Flying high on a wave of local talent

THE great and the good of the Irish audiovisual industry will gather on Saturday for the annual Irish Film and Television Awards. The glitzy event at the Convention Centre Dublin will be broadcast live on RTÉ One.
Among the nominees are familiar faces like Gabriel Byrne and Neil Jordan, as well as rising stars like Chris O’Dowd and Jack Reynor. Reynor — who recently signed on as the lead in the next Transformers movie — is nominated for his turn in Lenny Abrahamson’s What Richard Did, a favourite this year in the film categories. In the TV stakes, meanwhile, RTÉ’s gangland melodrama Love/Hate is tipped to pick up a slew of awards.
Saturday’s ceremony marks the tenth year of the IFTAs, an initiative coordinated by the Irish Film and Television Academy. Though the event has had its critics over the years, the IFTAs have successfully staked a claim on the public psyche. An event of this kind seems a fitting response to the increased professionalism of film and TV production in Ireland since the 1990s.
While the Irish Film and Television Academy runs a range of programmes throughout the year for the benefit and support of its members — numbering almost 1,000 industry professionals — its flagship event is the awards.
“It’s a showcase,” says IFTA CEO Áine Moriarty, “It says to the general public, ‘Look at what we’ve been doing this past 12 months’. Over the 10 years I believe the public have become more familiar with the talent that we have here at home. They’ve become more supportive. And there’s a great pride building up now from knowing that we are punching far above our weight.”
Among the IFTA nominees this year is Ian Fitzgibbon, director of Death of a Superhero, a film which merges scenes of animation and live action, while relaying an affecting narrative about a teenage boy with cancer. The film is nominated for best director and best film gongs, while Michael McElhatton’s understated turn has been rewarded with a nod for best supporting actor.
Both Fitzgibbon and McElhatton were at the first IFTA Awards in 2003, then as nominees for their much loved TV comedy, Paths to Freedom. Since then, Fitzgibbon has gone on to direct charmingly offbeat flicks such as A Film with Me In It and Perrier’s Bounty, as well as TV fare like The Clinic and Moone Boy.
The Dubliner says he is particularly pleased for long-time collaborator McElhatton, whom he has known since they trained together at RADA in the 1990s.
“Michael has that knack of being able to convey emotion in front of a camera without seeming to do very much,” says Fitzgibbon. “And that’s always what draws me to him as an actor. He’s got an extraordinary face and an extraordinary presence but he also carries this emotional heft.”
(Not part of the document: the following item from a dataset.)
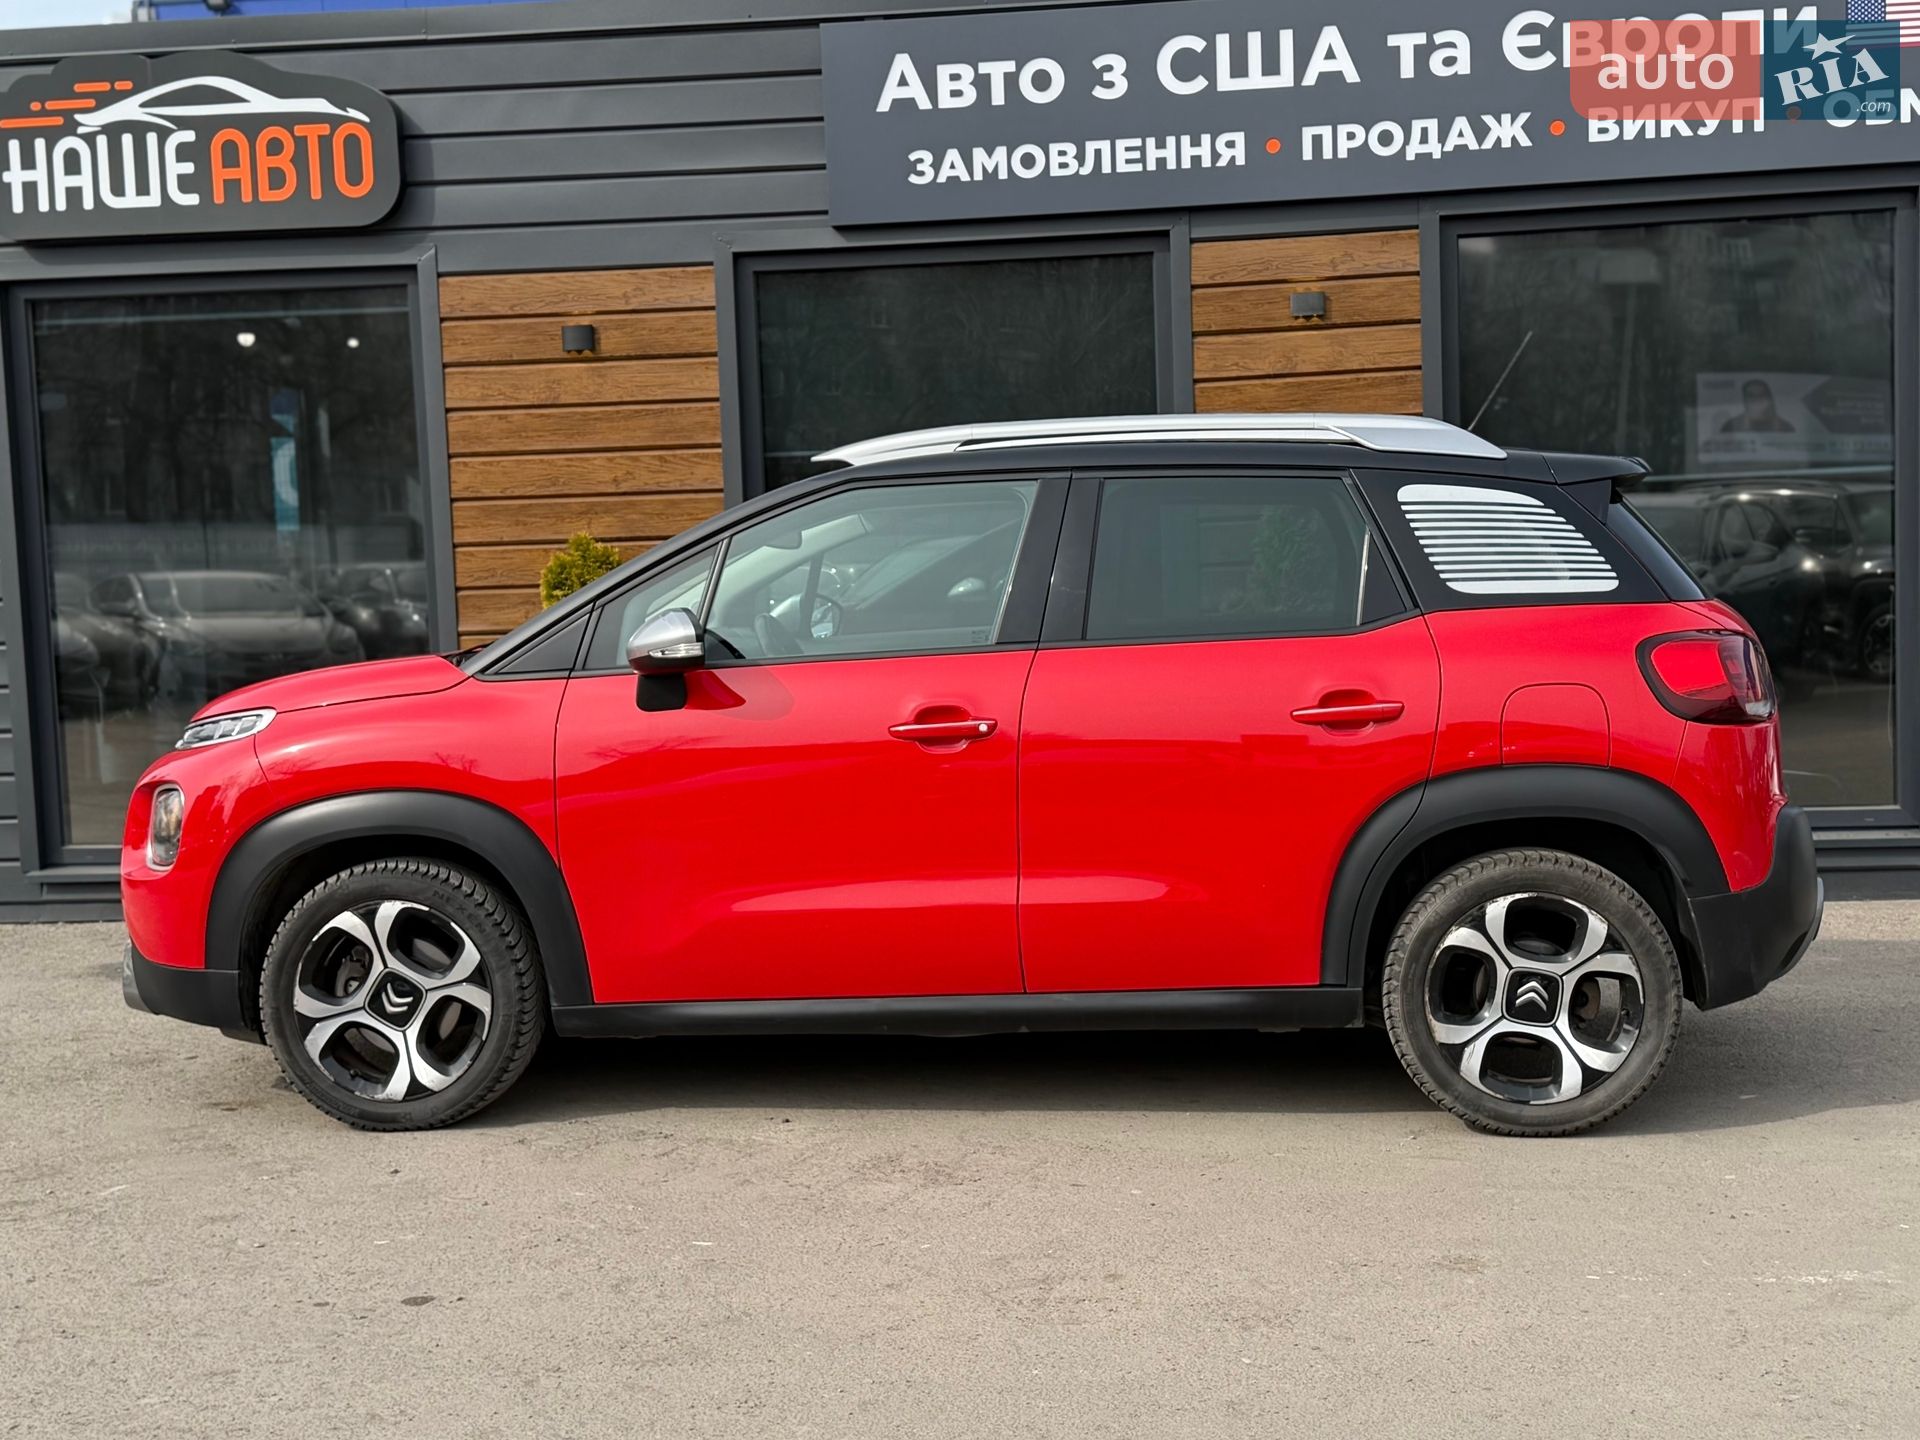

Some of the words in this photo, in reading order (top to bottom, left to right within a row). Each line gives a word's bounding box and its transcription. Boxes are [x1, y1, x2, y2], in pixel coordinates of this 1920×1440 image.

Though Fitzgibbon would concede that there are years when the IFTA nominations are less overwhelming than others, he believes that the films this year certainly deserve recognition, and he is critical of the negativity that still lingers around the subject of Irish filmmaking.
“If you’re Irish you’re bound to knock yourself,” he says. “That’s just what we do. That’s our national sport. It’s almost embarrassing for Irish people to celebrate any kind of talent. We’d rather lurk in the corner and certainly not blow our own trumpet. But if you look at the list of those films I’d defy anybody not to see the quality in them.”
The real issue in Irish film is not about quality, Fitzgibbon says, but about finding an audience here for Irish productions.
“The challenge for us is to get Irish people to go and see Irish films,” he says. “But I don’t know what the answer is. I thought Grabbers was great craic, but I know it didn’t really perform at the box office. Cleverer people than me could sit down and devise ways of making films reach the audience they deserve.”
Moriarty believes the IFTAs can help boost the profile of Irish films. “Irish films are competing in the cinemas for space with all the big US films,” she says. “So we have to fight for our space. There are so many wonderful stories that have been told that have had very limited release. Some of them are gems and it’s a shame that they don’t get the exposure they deserve. But we can help to build awareness and showcase the talent that’s there.”
But the IFTAs event also supports the sector in other ways. IFTA has strong ties with the British body BAFTA, and it is also a member of the Film Academies Network of Europe. Thus, an IFTAs nomination can be a feather in the cap of any Irish production looking for distribution deals overseas.
Moriarty says the creative team behind Albert Nobbs, a huge production starring Glenn Close, acknowledged that the IFTA nominations had been very helpful in closing their distribution deal.
Behind the glitz, then, there is much more to the annual IFTA awards than first meets the eye.